~ Chapitre 1.3 ~ (009) (010)

7 minutes de lecture

*

Le lendemain, après leurs cours et vers dix-sept heures, Joakim et son cousin Noah se rendent à Santa Monica Beach afin de piquer quelques têtes et accessoirement, admirer le joli panorama des lieux ; alias les jeunes filles en bikinis.

En effet, à Los Angeles, les Californiens travaillent beaucoup, mais terminent le plus souvent leurs journées en plein milieu d’après-midi, pour se jeter avec avidité sur les longues plages de sable fin. Notons aussi qu’ici, il y a deux soixante-dix jours de soleil par an et la température reste généralement comprise entre 18° et 30°. Pistes cyclables, roller, skate, bronzette… On peut dire que les Angelins profitent de la vie !

À peine arrivés, Joakim et Noah reconnaissent très vite deux visages féminins. Amy Wills et Trisha Hill sont installées sur des transats à quelques mètres.

Les demoiselles ont apparemment eu la même idée qu’eux. Farniente, discussions sans fin entre amies et mise en valeur de leurs précieux atouts, dans le but de charmer quelques beaux Californiens.

— Le monde est petit ! souligne discrètement la tête blonde de Noah, à Joakim qu’il considère comme son frère de cœur. En effet, le fait d’avoir grandi dans des maisons voisines n’a fait que tisser entre eux et au fil des années, de solides liens fraternels.

— On dégage, annonce Joakim en esquissant une grimace de dégoût et en accélérant le pas dans la direction opposée, tandis que son interlocuteur le suit avec empressement,

— Attends, ne sois pas pressé, on peut les inviter à boire un verre !

— Quoi ? Non merci !

— Genre ! Je sais qu’entre toi et Amy ce n’est pas trop ça, mais en ce qui concerne Trisha ? Eh eh ! Tu sais qu’on a tous remarqué qu’elle te mate à fond ! plaisante Noah avant de reprendre — Heeeeeey ! Attends ! Reviens !

Il rit encore en arrivant derrière son cousin qui s’installe plus loin sur la plage, à bonne distance des demoiselles. On sait jamais. Des fois que ces idiotes souhaiteraient venir leur adresser la parole !

Blasé, Joakim soupire,

— Elles sont aussi creuses l’une que l’autre.

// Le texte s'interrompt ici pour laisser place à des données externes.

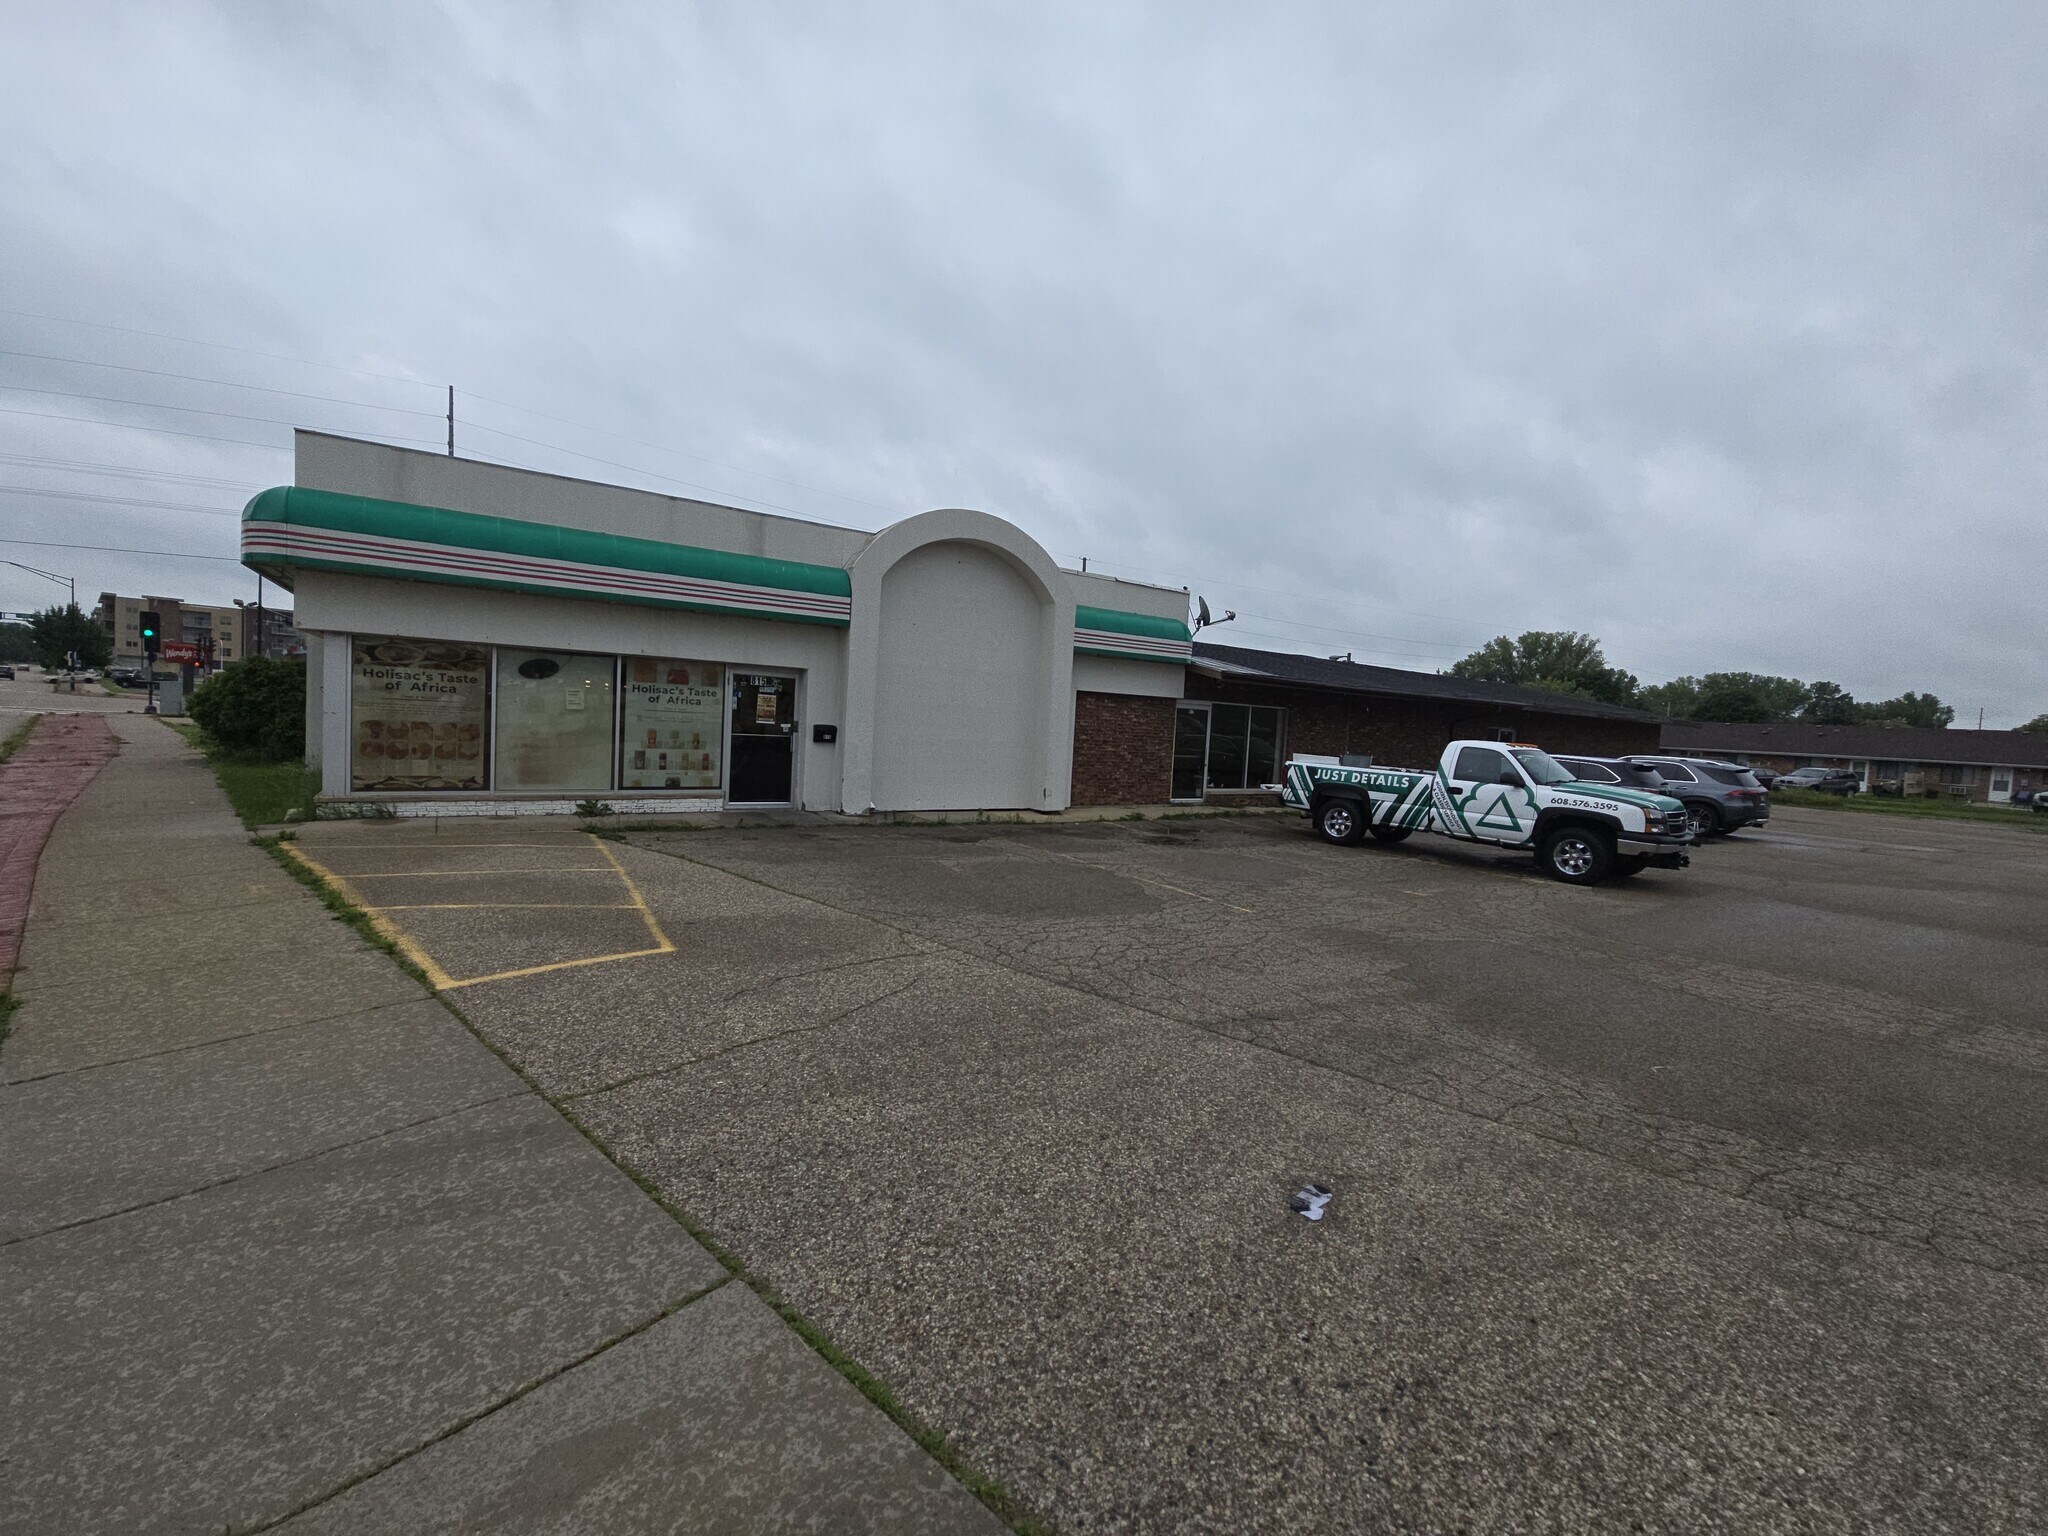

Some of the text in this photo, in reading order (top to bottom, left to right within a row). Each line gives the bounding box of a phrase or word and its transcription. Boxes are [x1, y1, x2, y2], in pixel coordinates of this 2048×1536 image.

[166, 648, 193, 660] Wendy's
[363, 667, 478, 685] Holisac's Taste
[751, 676, 766, 686] 815
[385, 681, 457, 694] of Africa
[632, 684, 718, 698] Holisac's Taste
[648, 695, 702, 706] of Africa
[1314, 768, 1347, 782] JUST
[1351, 772, 1410, 788] DETAILS
[1550, 797, 1619, 811] 608.576.3595

— Ah ? Mais en fait, Jo', est-ce qu’il y a une seule personne sur terre qui n’est pas creuse, à tes yeux ?

— Je commence à me le demander… Et d’ailleurs, en parlant de ça, je crois que je vais devoir te laisser !

— Enfoiré ! s’esclaffe Noah en observant ensuite les courbes de Trisha qui se déplace désormais en direction de la mer, aux côtés de sa meilleure amie.

— Elles sont quand même pas mal du tout.

— Dans le genre poupées gonflables sans cervelle, sans doute.

Connaissant son cousin et sachant que celui-ci déteste les conversations puériles centrées autour des jeunes filles de leur âge, Noah cherche à changer de sujet, quand il aperçoit soudain leur comparse Alex, qui est en train de se rapprocher de Trisha et d’Amy.

— Wow, t’as vu ? Il est toujours fourré avec elles ! commente-t-il alors que son interlocuteur ne l’écoute plus, perdu dans ses pensées. Monologuant, le Breakdancer blond, de taille moyenne et à la carrure musclée, continue tout de même, l’air rieur,

— Et puis tu crois qu’il viendrait nous voir ce salaud ?

— Il te manque une paire de trucs ronds sur le torse pour lui plaire, reprend Joakim.

— Allez ! Viens, on va les voir, ça suffit de faire les asociaux !

— Pourquoi ? Laisse-les, Alex va peut-être conclure. Joakim soupire cela en se relevant du sol pour se mettre en chemin vers l’océan.

— Justement, c’est ce qui m’ennuie ! l’informe Noah en le suivant pour continuer de parler.

— Ne me dis pas que tu es intéressé par l’une des cruches ?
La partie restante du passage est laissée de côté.